**Your objective:** Leaving out the pictures, transcribe all of the records faithfully.

Dataset entries
****************************************
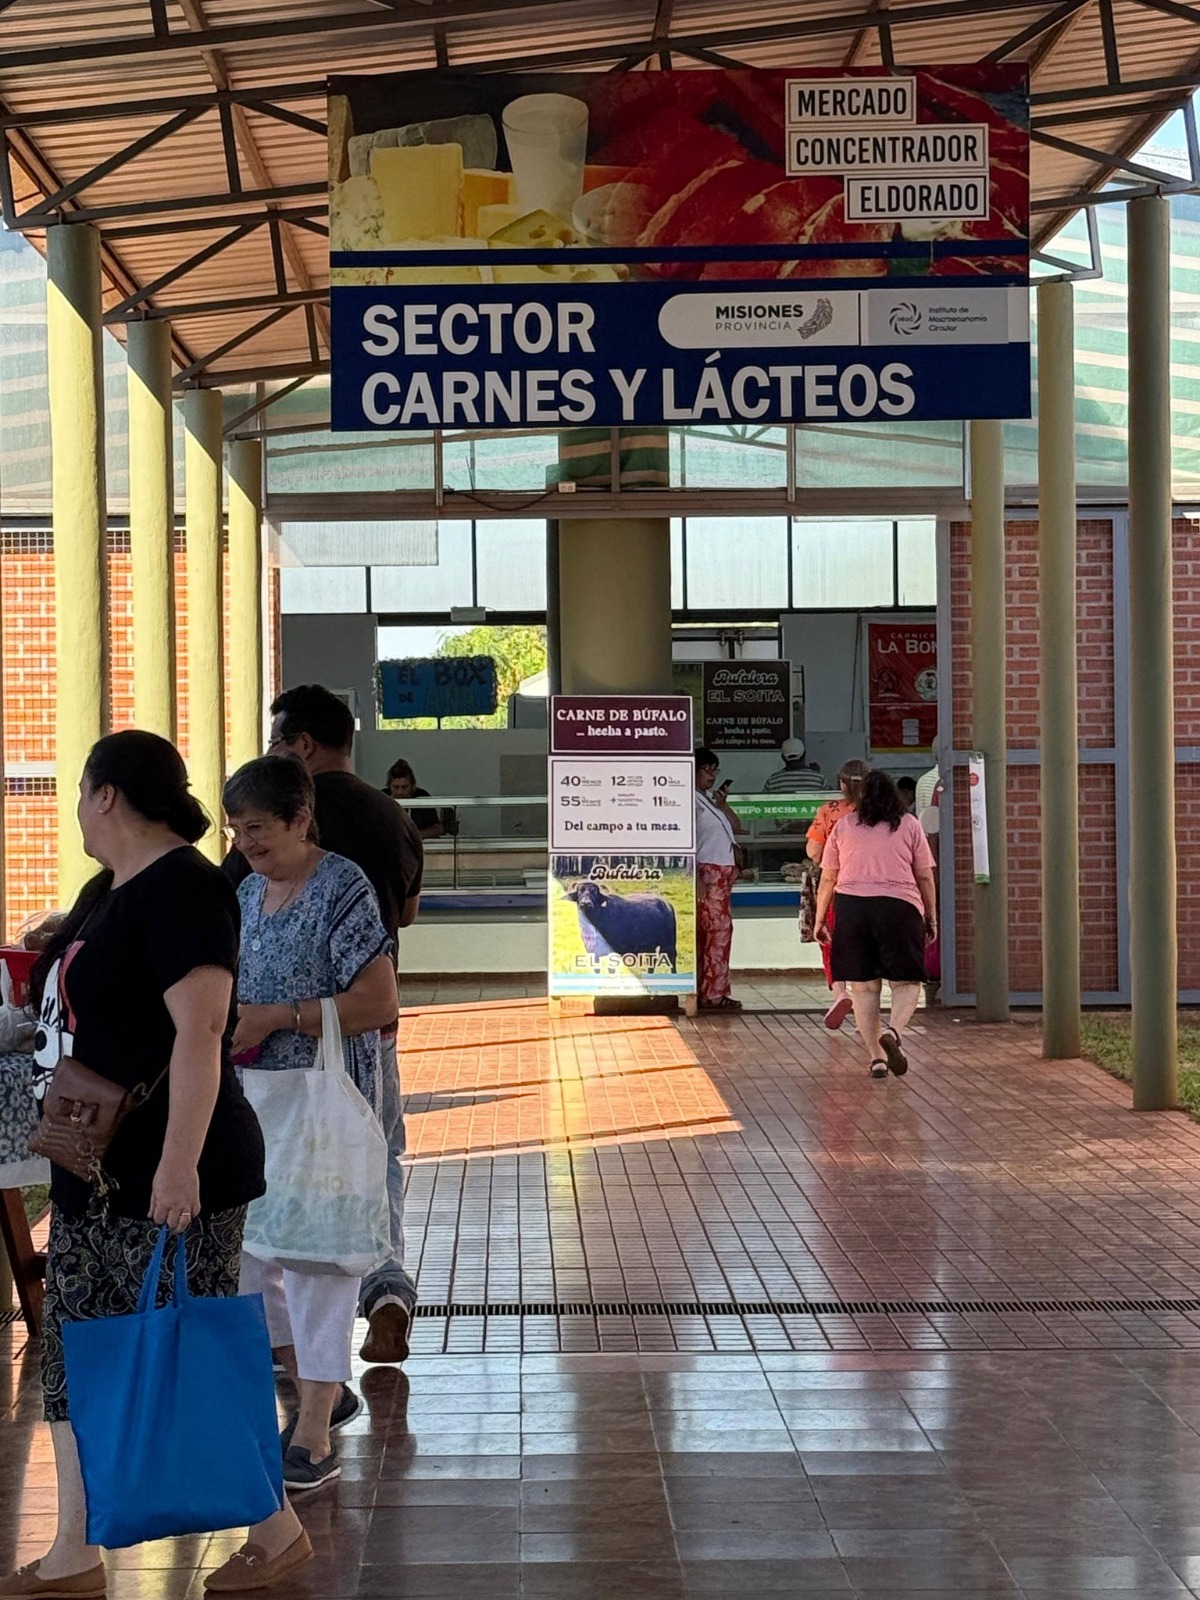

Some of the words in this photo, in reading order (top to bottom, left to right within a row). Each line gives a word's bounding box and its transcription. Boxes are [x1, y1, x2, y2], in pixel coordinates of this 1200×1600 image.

[797, 87, 908, 118] MERCADO
[795, 134, 979, 166] CONCENTRADOR
[859, 182, 979, 214] ELDORADO
[715, 303, 804, 321] MISIONES
[362, 301, 597, 357] SECTOR
[715, 319, 794, 332] PROVINCIA
[361, 370, 597, 426] CARNES
[609, 368, 647, 422] Y
[662, 351, 917, 420] LÁCTEOS
[877, 639, 899, 654] LA
[398, 665, 420, 687] EL
[434, 661, 488, 687] BOX
[713, 669, 780, 687] Bufalera
[707, 689, 731, 703] EL
[733, 689, 786, 703] SOITA
[556, 709, 605, 721] CARNE
[609, 709, 629, 721] DE
[632, 707, 688, 721] BÚFALO
[706, 717, 735, 725] CARNE
[737, 717, 749, 725] DE
[587, 725, 622, 737] hecha
[624, 728, 632, 737] a
[634, 725, 669, 739] pasto.
[724, 727, 745, 735] hecha
[560, 775, 581, 787] 40
[611, 775, 626, 787] 12
[652, 775, 667, 787] 10
[560, 796, 581, 807] 55
[652, 796, 663, 807] 11
[763, 806, 798, 814] HECHA
[800, 806, 808, 814] A
[564, 820, 584, 831] Del
[586, 822, 624, 833] campo
[626, 822, 633, 831] a
[636, 821, 648, 831] tu
[651, 822, 681, 831] mesa.
[589, 864, 663, 882] Bufalera
[575, 953, 600, 968] EL
[608, 953, 673, 968] SOITA
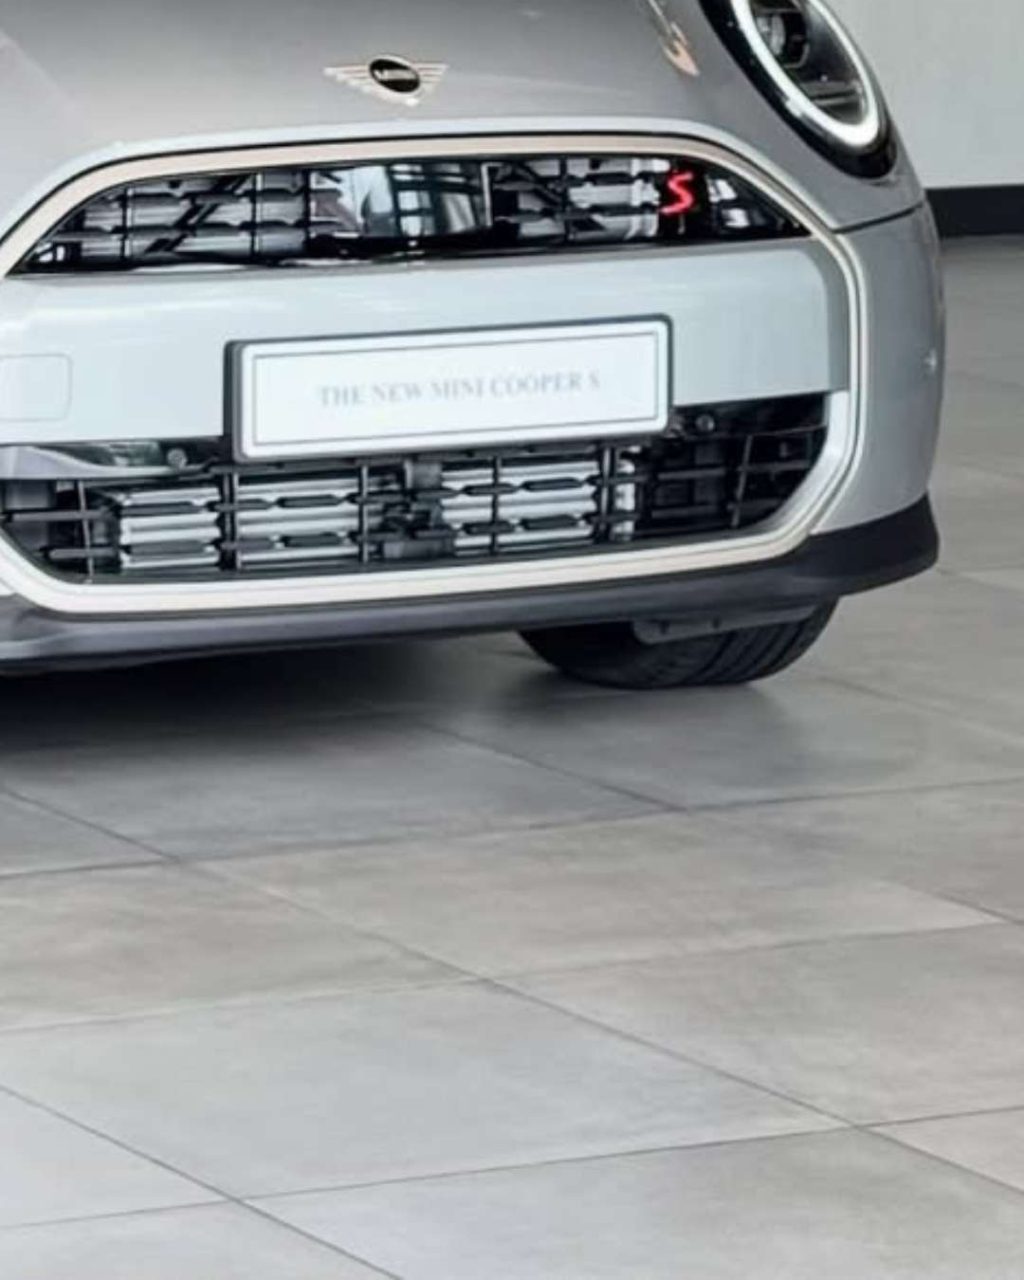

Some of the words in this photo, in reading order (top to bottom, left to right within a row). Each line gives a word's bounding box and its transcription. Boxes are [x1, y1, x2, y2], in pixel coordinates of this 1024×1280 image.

[660, 171, 694, 215] S
[319, 384, 364, 407] THE
[372, 380, 423, 403] NEW
[429, 376, 483, 399] MINI
[489, 371, 584, 399] COOPER
[589, 368, 602, 391] S
****************************************
**Task solution:**
Some of the words in this photo, in reading order (top to bottom, left to right within a row). Each line gives a word's bounding box and its transcription. Boxes are [x1, y1, x2, y2], in pixel coordinates of this 1200×1600 image.

[797, 87, 908, 118] MERCADO
[795, 134, 979, 166] CONCENTRADOR
[859, 182, 979, 214] ELDORADO
[715, 303, 804, 321] MISIONES
[362, 301, 597, 357] SECTOR
[715, 319, 794, 332] PROVINCIA
[361, 370, 597, 426] CARNES
[609, 368, 647, 422] Y
[662, 351, 917, 420] LÁCTEOS
[877, 639, 899, 654] LA
[398, 665, 420, 687] EL
[434, 661, 488, 687] BOX
[713, 669, 780, 687] Bufalera
[707, 689, 731, 703] EL
[733, 689, 786, 703] SOITA
[556, 709, 605, 721] CARNE
[609, 709, 629, 721] DE
[632, 707, 688, 721] BÚFALO
[706, 717, 735, 725] CARNE
[737, 717, 749, 725] DE
[587, 725, 622, 737] hecha
[624, 728, 632, 737] a
[634, 725, 669, 739] pasto.
[724, 727, 745, 735] hecha
[560, 775, 581, 787] 40
[611, 775, 626, 787] 12
[652, 775, 667, 787] 10
[560, 796, 581, 807] 55
[652, 796, 663, 807] 11
[763, 806, 798, 814] HECHA
[800, 806, 808, 814] A
[564, 820, 584, 831] Del
[586, 822, 624, 833] campo
[626, 822, 633, 831] a
[636, 821, 648, 831] tu
[651, 822, 681, 831] mesa.
[589, 864, 663, 882] Bufalera
[575, 953, 600, 968] EL
[608, 953, 673, 968] SOITA

Some of the words in this photo, in reading order (top to bottom, left to right within a row). Each line gives a word's bounding box and its transcription. Boxes are [x1, y1, x2, y2], in pixel coordinates of this 1024×1280 image.

[660, 171, 694, 215] S
[319, 384, 364, 407] THE
[372, 380, 423, 403] NEW
[429, 376, 483, 399] MINI
[489, 371, 584, 399] COOPER
[589, 368, 602, 391] S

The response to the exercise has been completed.